La principale pietra d'inciampo è diventata la questione dei tempi di validità dell'accordo con l'Iran, che limita il divieto di sviluppare armi nucleari. Pompeo ha proposto ai partner europei di attendere una dichiarazione ufficiale da Trump e non ha escluso che dopo questa dichiarazione, le parti possono tornare al tavolo delle trattative per le condizioni di contratto.

Come hanno detto le fonti, il capo del ministero degli esteri britannico, Boris Johnson, ha chiesto a Washington di fare un altro tentativo per questi patti. Dopo qualche tempo, si è svolta una conference-call, ma è durata solo pochi minuti e non ha portato alcun risultato.
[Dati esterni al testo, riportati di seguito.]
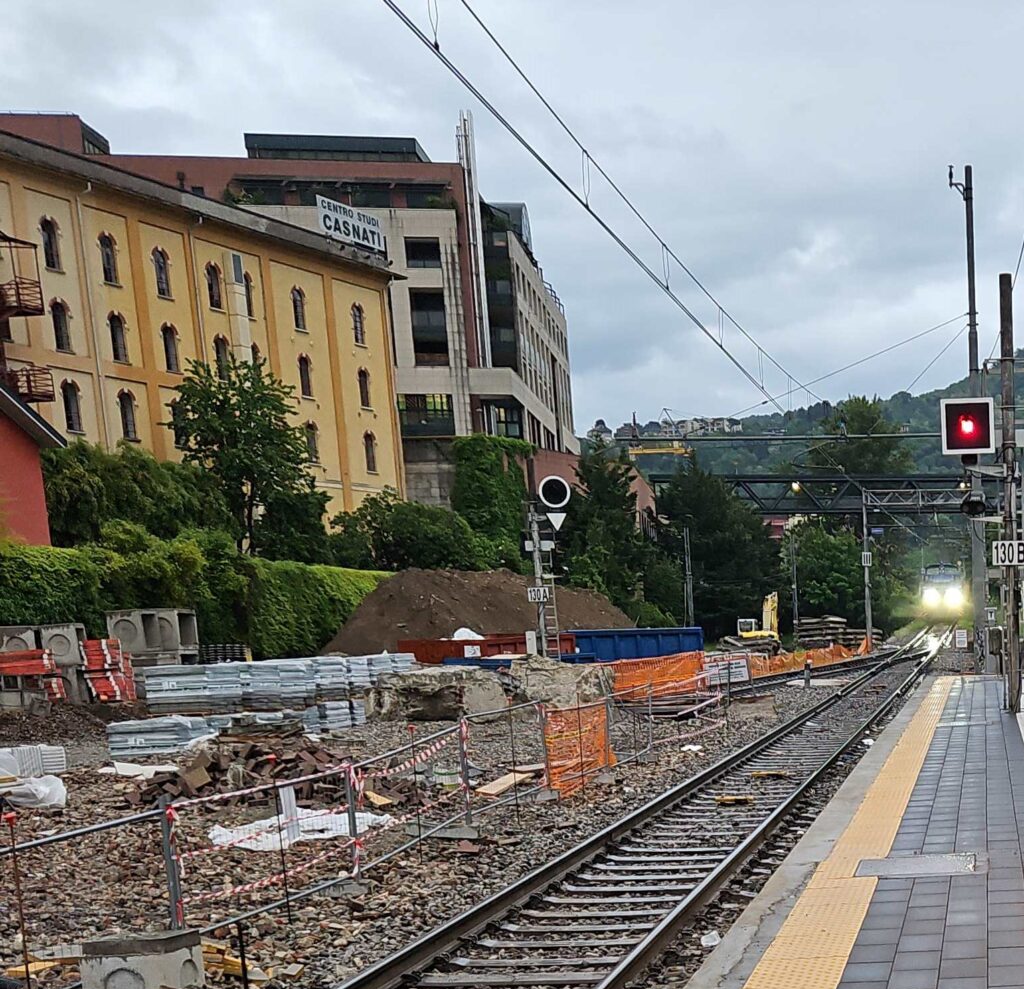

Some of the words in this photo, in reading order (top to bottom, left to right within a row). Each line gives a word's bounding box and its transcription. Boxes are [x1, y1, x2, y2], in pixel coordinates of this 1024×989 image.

L'Iran e i sei mediatori internazionali (Russia, USA, Regno Unito, Cina, Francia e Germania) nel 2015 hanno raggiunto un accordo transattivo pluriennale per il problema iraniano dell'atomo: è stato adottato un piano comune di azione globale, la cui esecuzione elimina all'Iran le sanzioni economiche e finanziarie dell'ONU, degli USA e dell'Unione Europea. Trump non una sola volta ha espresso insoddisfazione per questo accordo e ha parlato della possibilità di abbandonarlo. Ha promesso che il rinnovo della modalità di ritiro delle sanzioni all'Iran durerà fino all'12 maggio per l'ultima volta. Oggi il presidente americano deve dichiarare se abbandona l'accordo.